--- Listed entries Enclosed Below ---
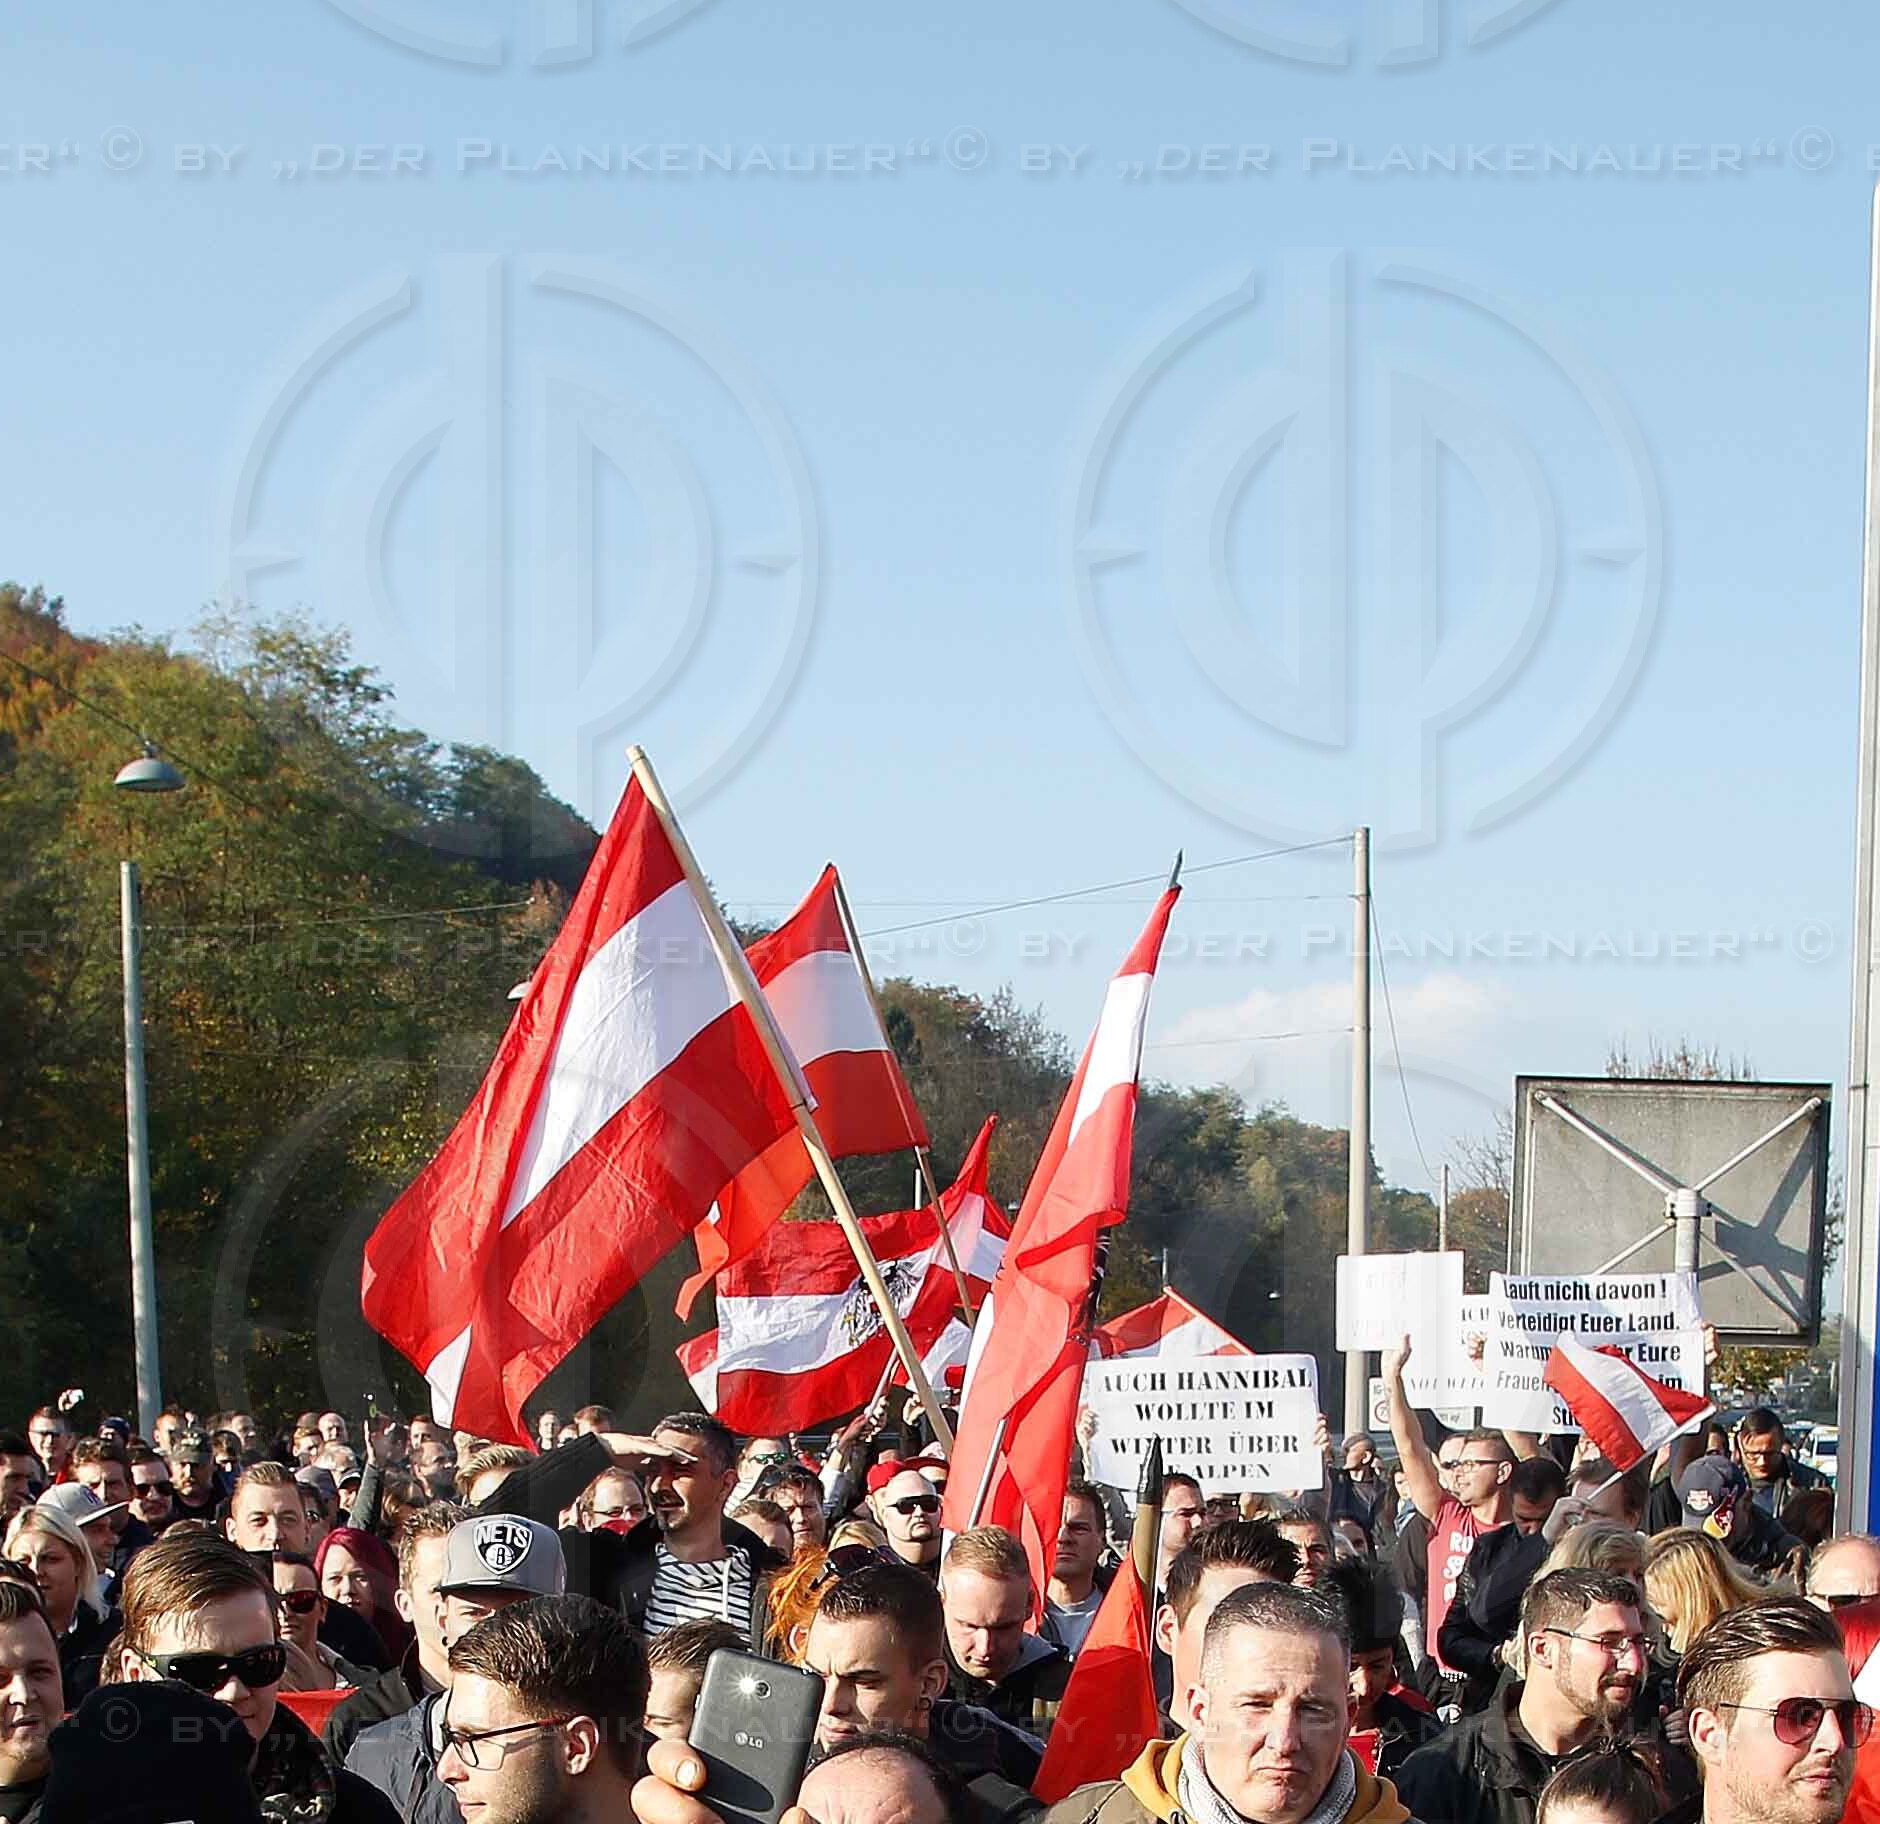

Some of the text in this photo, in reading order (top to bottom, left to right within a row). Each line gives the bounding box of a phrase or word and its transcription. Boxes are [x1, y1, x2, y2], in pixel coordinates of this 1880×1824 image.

[1544, 1279, 1590, 1301] nicht
[1595, 1282, 1656, 1300] davon
[1580, 1313, 1623, 1333] Euer
[1628, 1312, 1681, 1331] Land.
[1638, 1343, 1681, 1362] Eure
[1103, 1367, 1312, 1392] AUCH HANNIBAL
[1134, 1400, 1274, 1422] WOLLTE IM
[1229, 1431, 1299, 1454] ÜBER
[1192, 1463, 1272, 1480] ALPEN
[477, 1523, 528, 1548] NETS
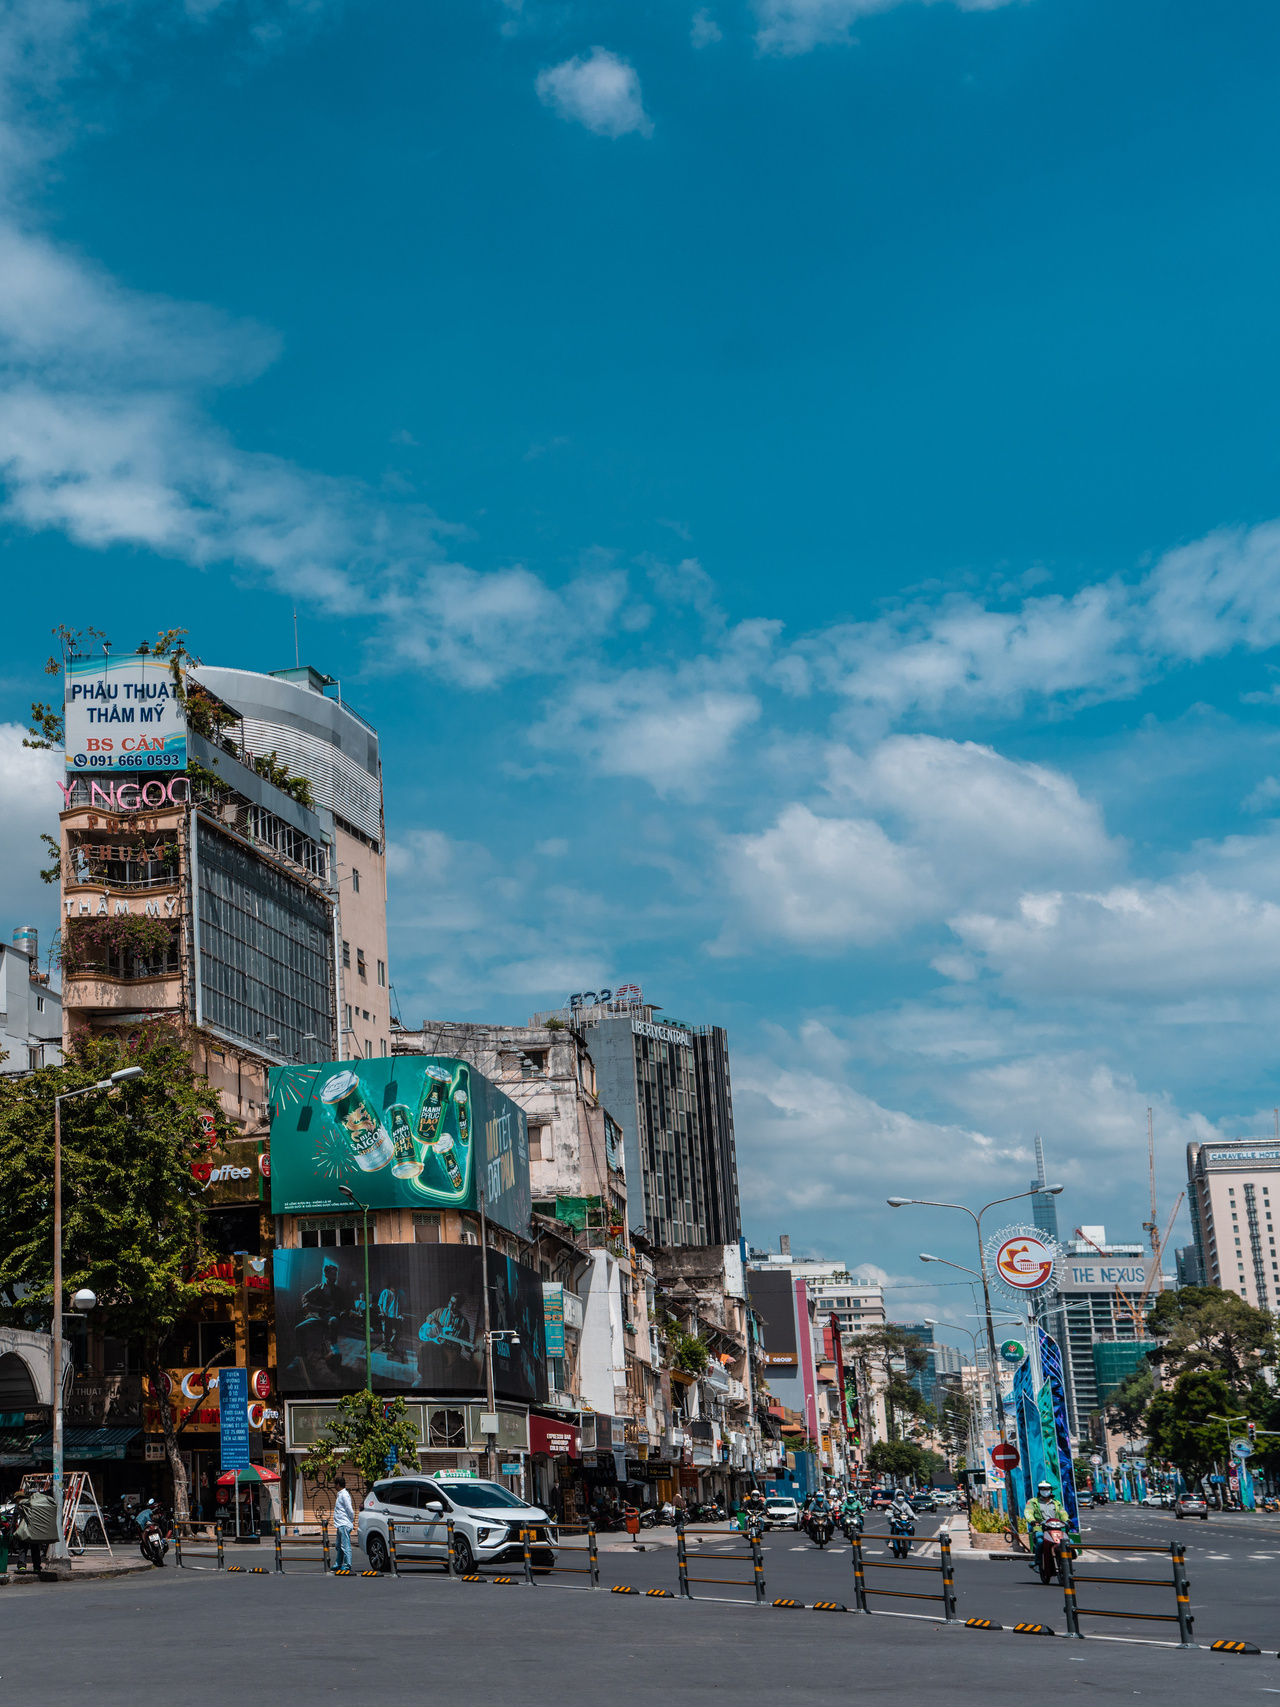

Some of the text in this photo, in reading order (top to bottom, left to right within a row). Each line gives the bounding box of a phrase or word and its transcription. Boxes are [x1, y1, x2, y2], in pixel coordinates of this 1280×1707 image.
--- End of Enclosed Listed entries ---
Exact repetition of the material above is required, with the images removed.

Some of the text in this photo, in reading order (top to bottom, left to right within a row). Each line gives the bounding box of a phrase or word and its transcription. Boxes are [x1, y1, x2, y2], in pixel coordinates of this 1880×1824 image.

[1544, 1279, 1590, 1301] nicht
[1595, 1282, 1656, 1300] davon
[1580, 1313, 1623, 1333] Euer
[1628, 1312, 1681, 1331] Land.
[1638, 1343, 1681, 1362] Eure
[1103, 1367, 1312, 1392] AUCH HANNIBAL
[1134, 1400, 1274, 1422] WOLLTE IM
[1229, 1431, 1299, 1454] ÜBER
[1192, 1463, 1272, 1480] ALPEN
[477, 1523, 528, 1548] NETS

Some of the text in this photo, in reading order (top to bottom, left to right within a row). Each line gives the bounding box of a phrase or word and its transcription. Boxes are [x1, y1, x2, y2], in pixel coordinates of this 1280×1707 image.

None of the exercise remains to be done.